When you live life with Jesus, and you’re doing the the work of Jesus, you’ll have mountaintop experiences. You’ll have moments like this. Maybe you don’t encounter the Divine with Moses and Elijah showing up. Maybe for you, it’s just the joy you feel in bringing a smile to someone or seeing someone’s face light up in that way when you visit them in the hospital or in prison. Maybe it’s the goodness you feel as you’re giving food to the food pantry; as you’re feeding the hungry and clothing the naked. Maybe it’s just the little things that you do, the joy you have when a child laughs with you that will be mountaintop experiences. These are the times where you can see the kingdom breaking in; the veil over this world being lifted ever so slightly and the light of heaven shining forth into your darkness. But the reality of life as a Christian is you have to go down the mountain. And you’ll wind up in Jerusalem eventually. And it is when you get to Jerusalem that who you believe Jesus is and whether or not you trust him will matter the most.

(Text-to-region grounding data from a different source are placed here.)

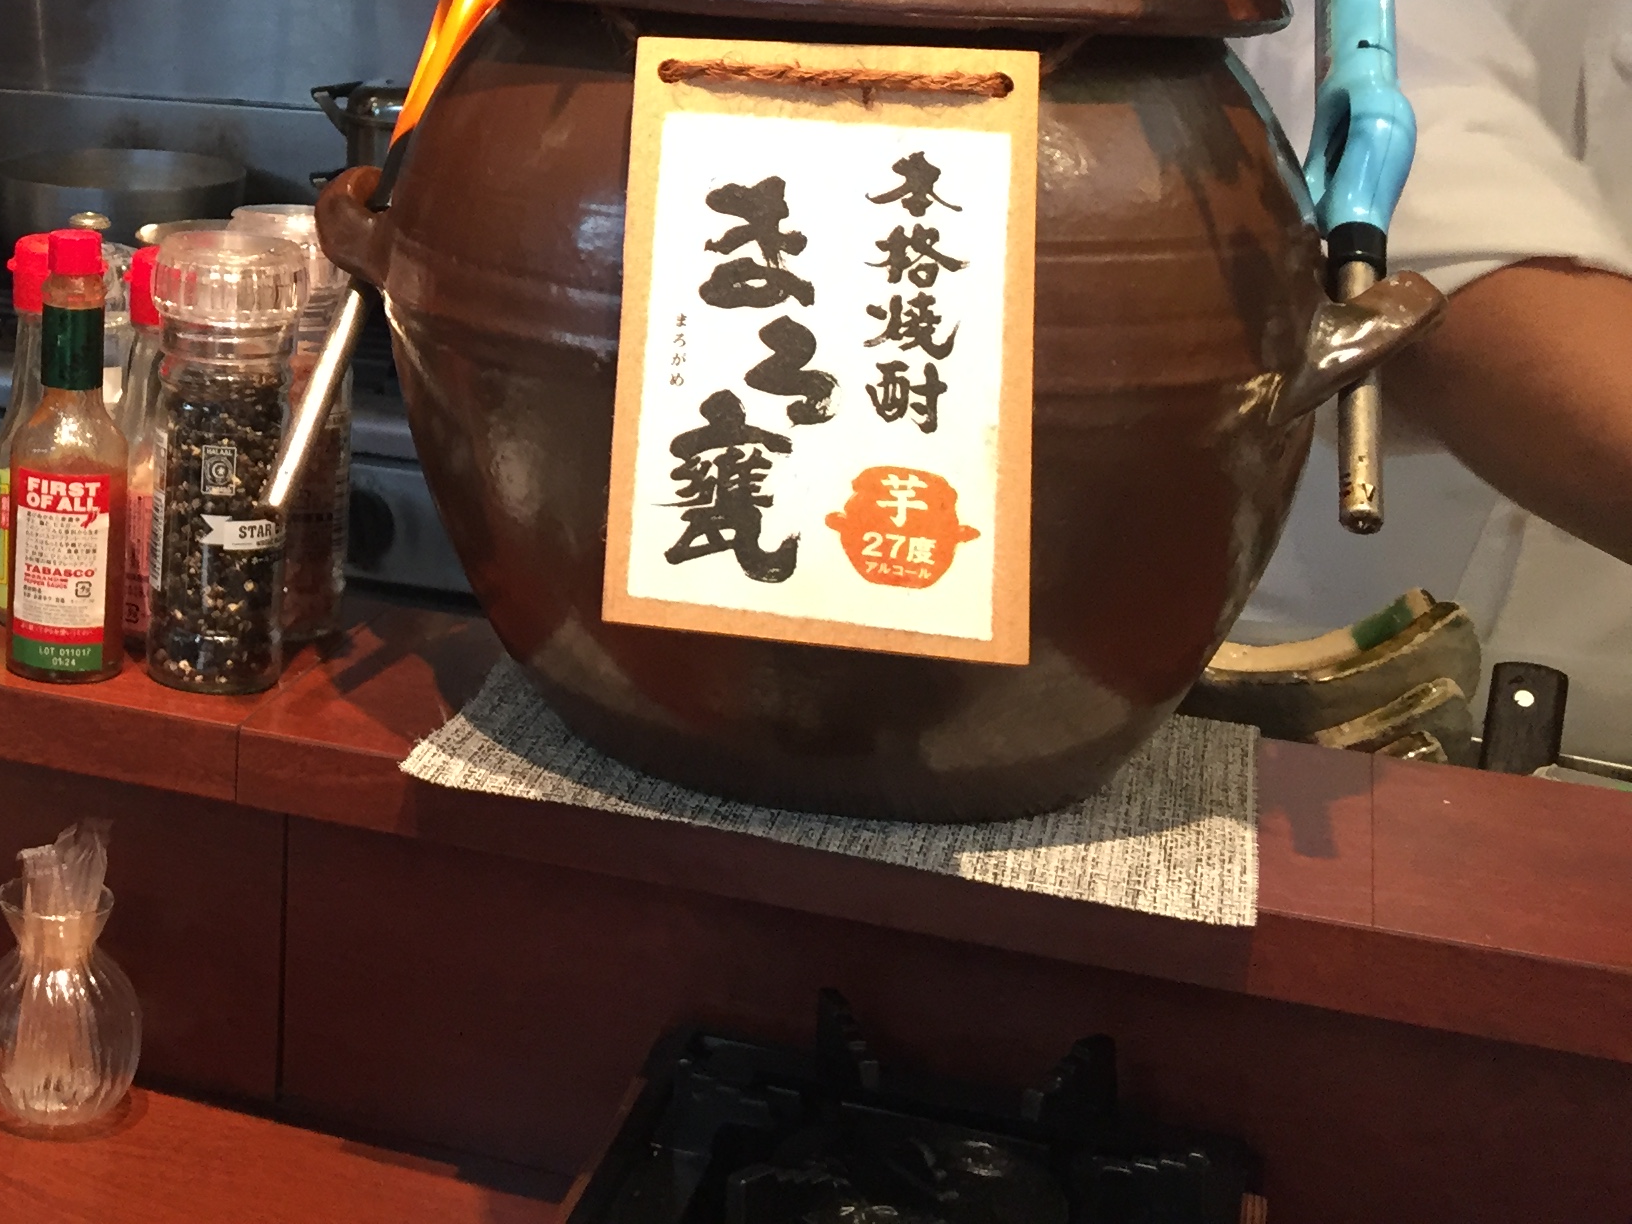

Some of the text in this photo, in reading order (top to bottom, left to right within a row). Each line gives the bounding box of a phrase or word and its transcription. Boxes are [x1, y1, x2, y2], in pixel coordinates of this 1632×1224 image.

[669, 312, 687, 387] まろがめ
[28, 476, 101, 497] FIRST
[26, 492, 100, 512] OF ALL
[876, 473, 928, 527] 芋
[238, 523, 272, 539] STAR
[861, 531, 937, 565] 27度
[24, 562, 95, 578] TABASCO
[865, 561, 932, 579] アルコール
[38, 646, 55, 656] LOT
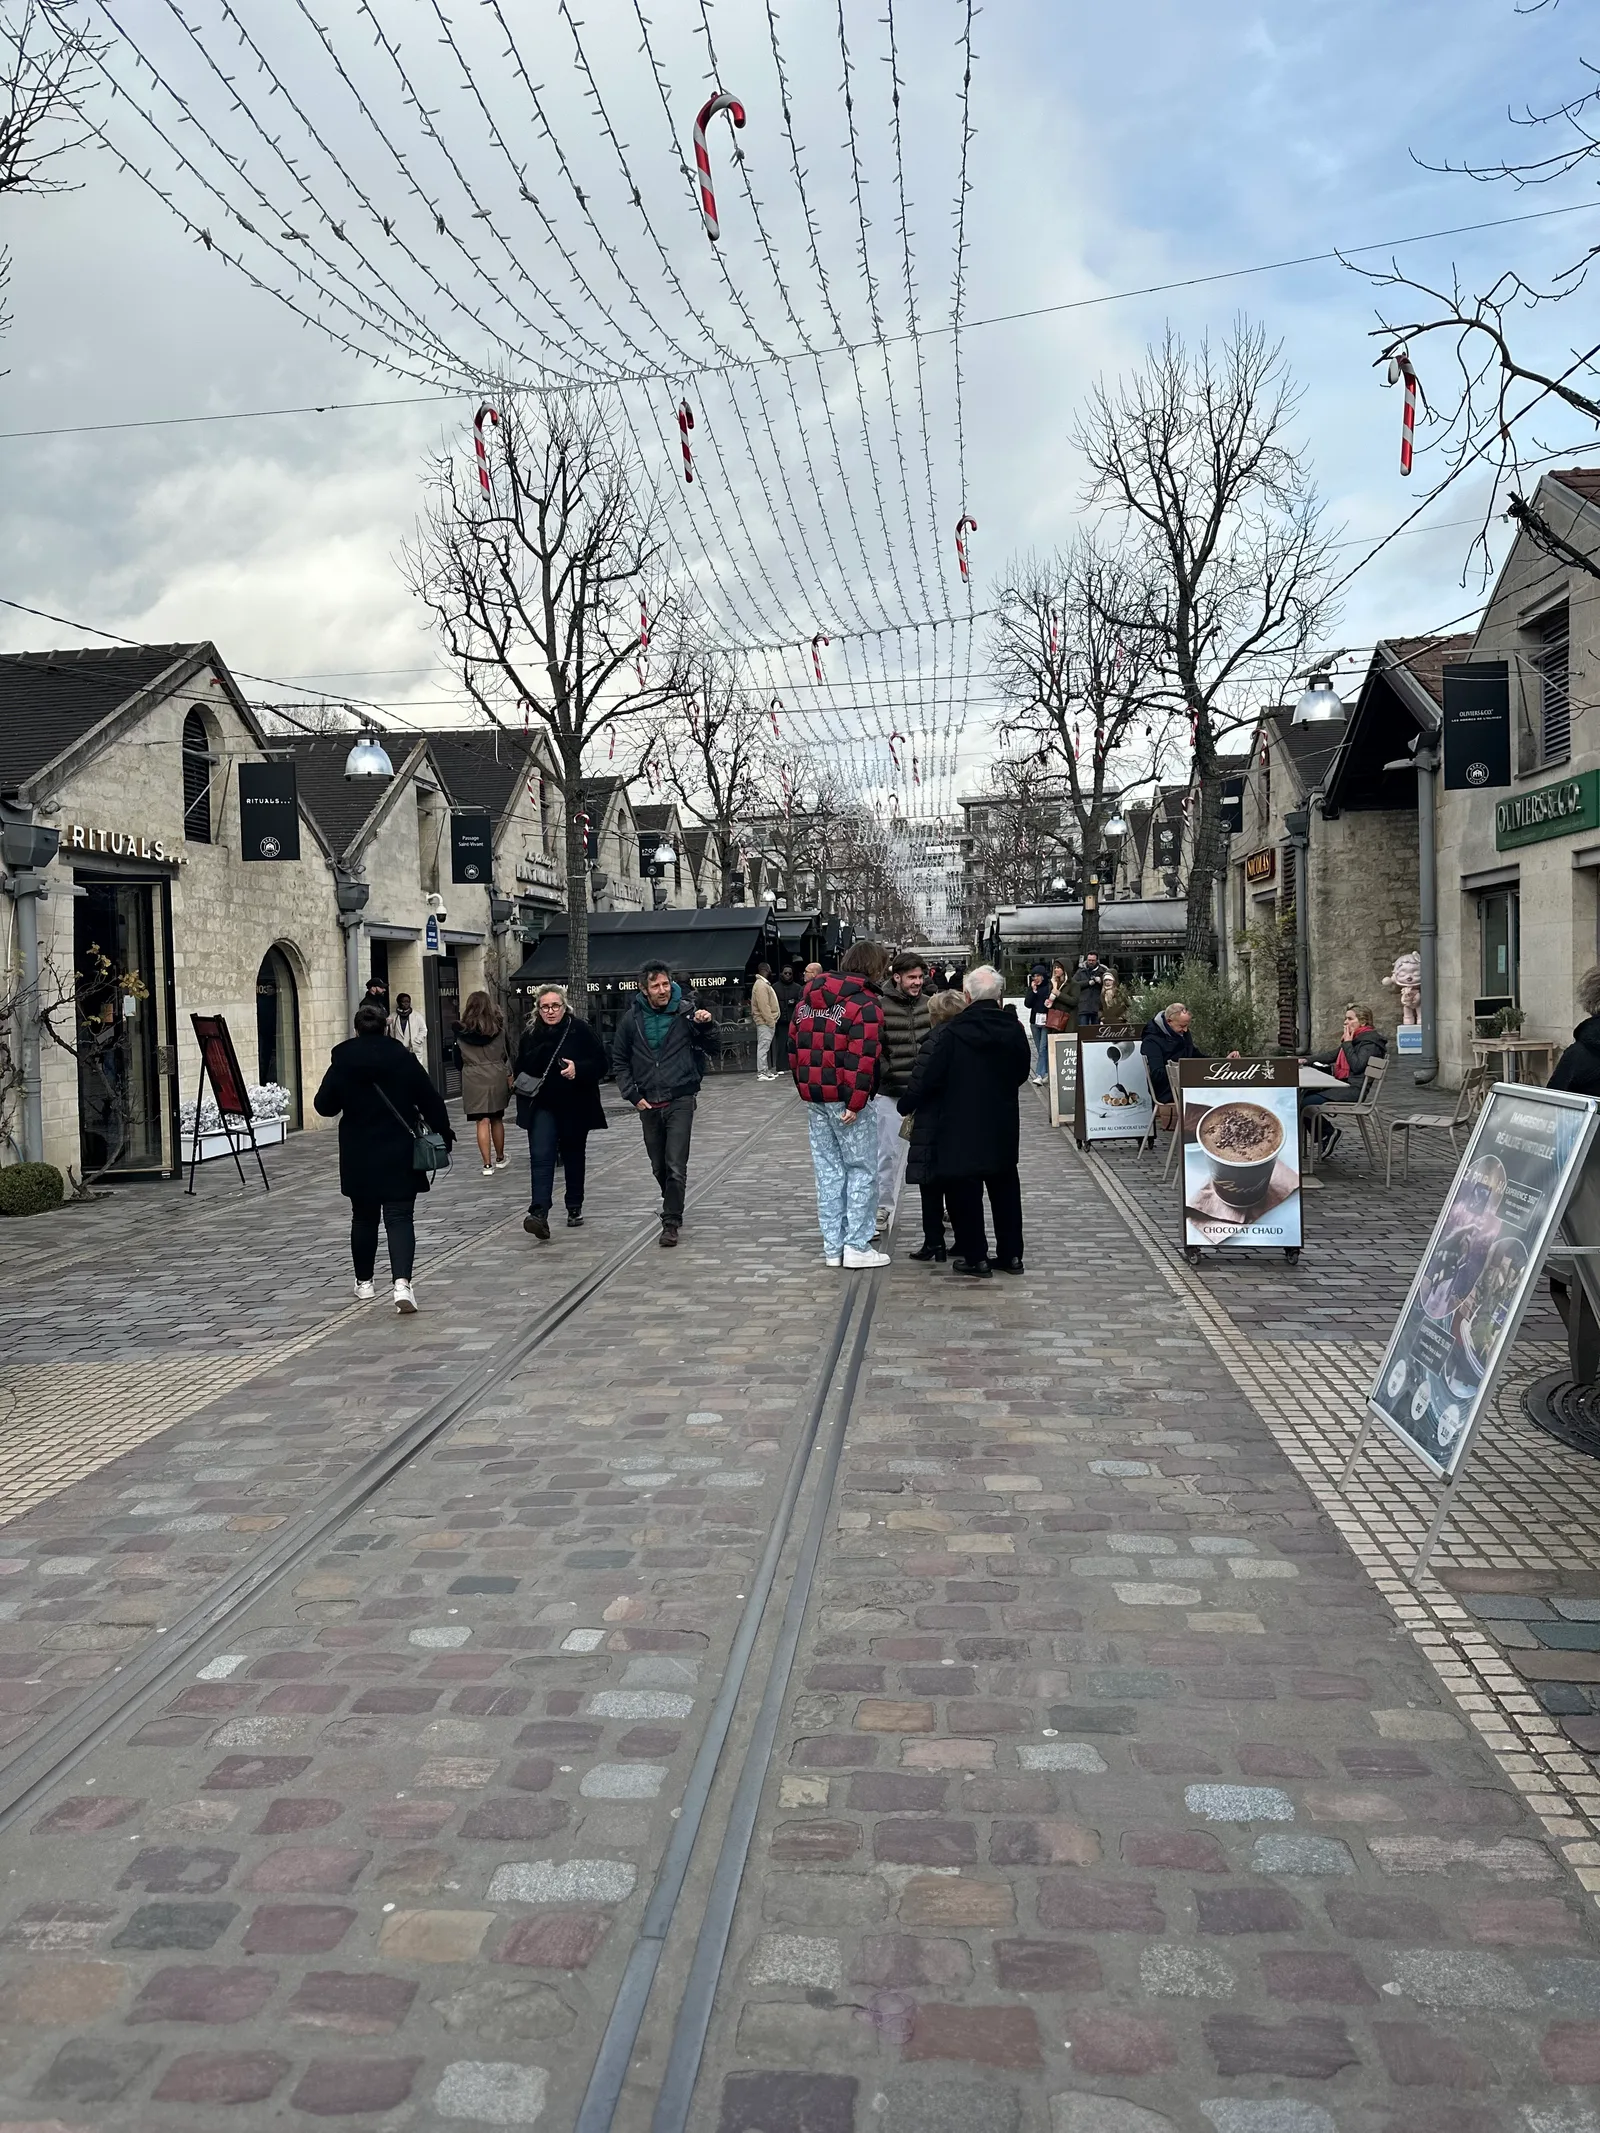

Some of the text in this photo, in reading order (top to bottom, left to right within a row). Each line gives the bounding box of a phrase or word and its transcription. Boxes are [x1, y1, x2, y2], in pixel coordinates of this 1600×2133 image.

[1247, 853, 1269, 877] NICOLAS
[707, 976, 727, 987] SHOP
[1096, 1026, 1128, 1039] Lindt
[1203, 1062, 1261, 1080] Lindt
[1203, 1226, 1284, 1235] CHOCOLAT CHAUD
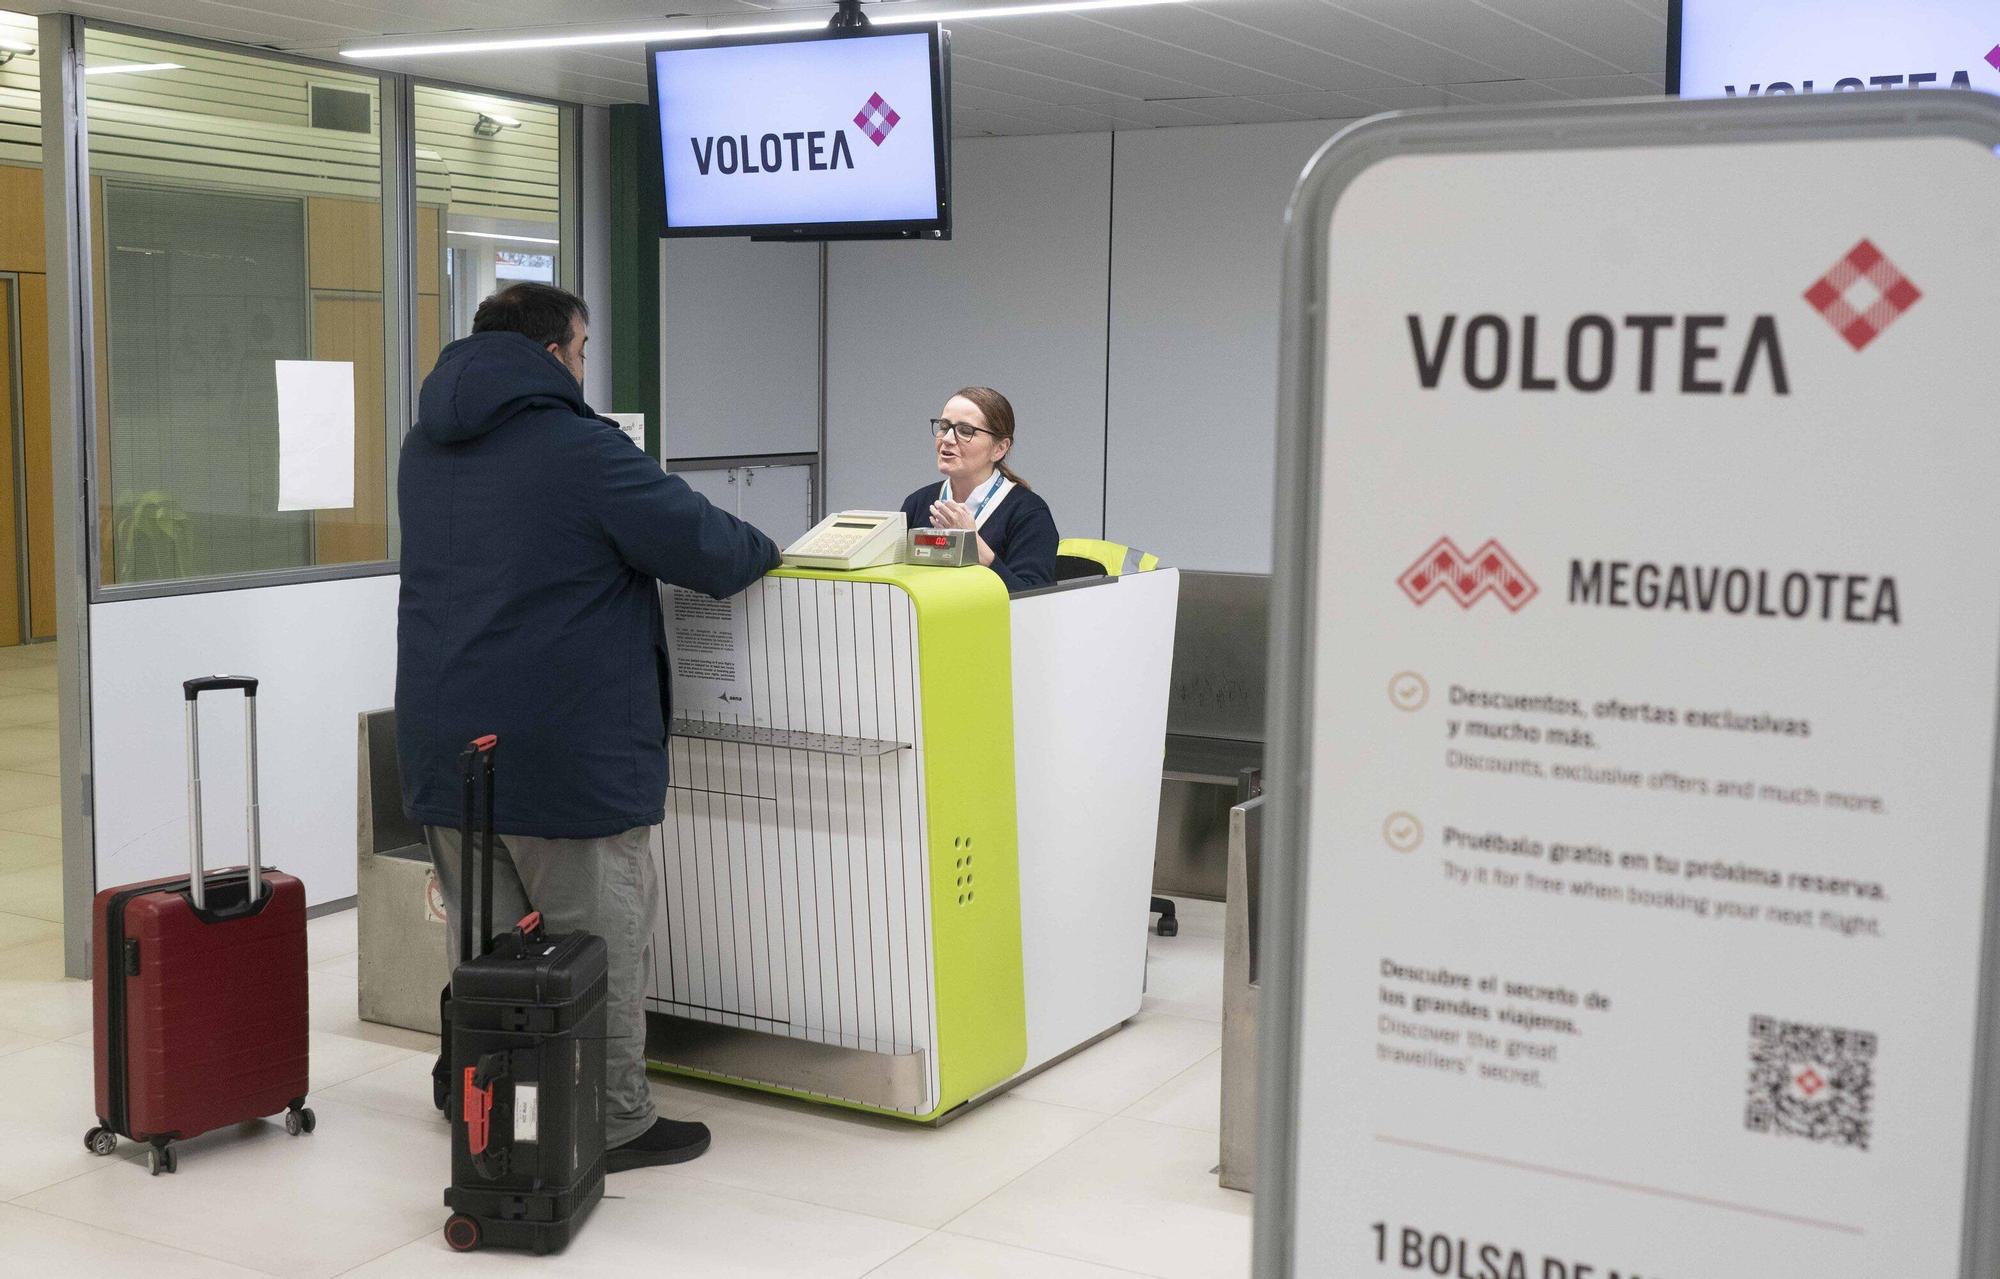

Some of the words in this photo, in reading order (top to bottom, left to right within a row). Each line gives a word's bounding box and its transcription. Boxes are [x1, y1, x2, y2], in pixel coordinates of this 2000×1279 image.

As we enter into the Lent season, and not only just any Lent season but the one for this year, which promises to lead into some trying times for our denomination and for our nation. As we enter that, let us come to trust Jesus to be our light in darkness. Let us hold on to the mountain without having to stay on the mountain. There is no tent for Jesus’s dwelling. There’s no Temple, there’s no Tabernacle, because he dwells in the hearts of every disciple. The light is in you. Be the light to others. Amen.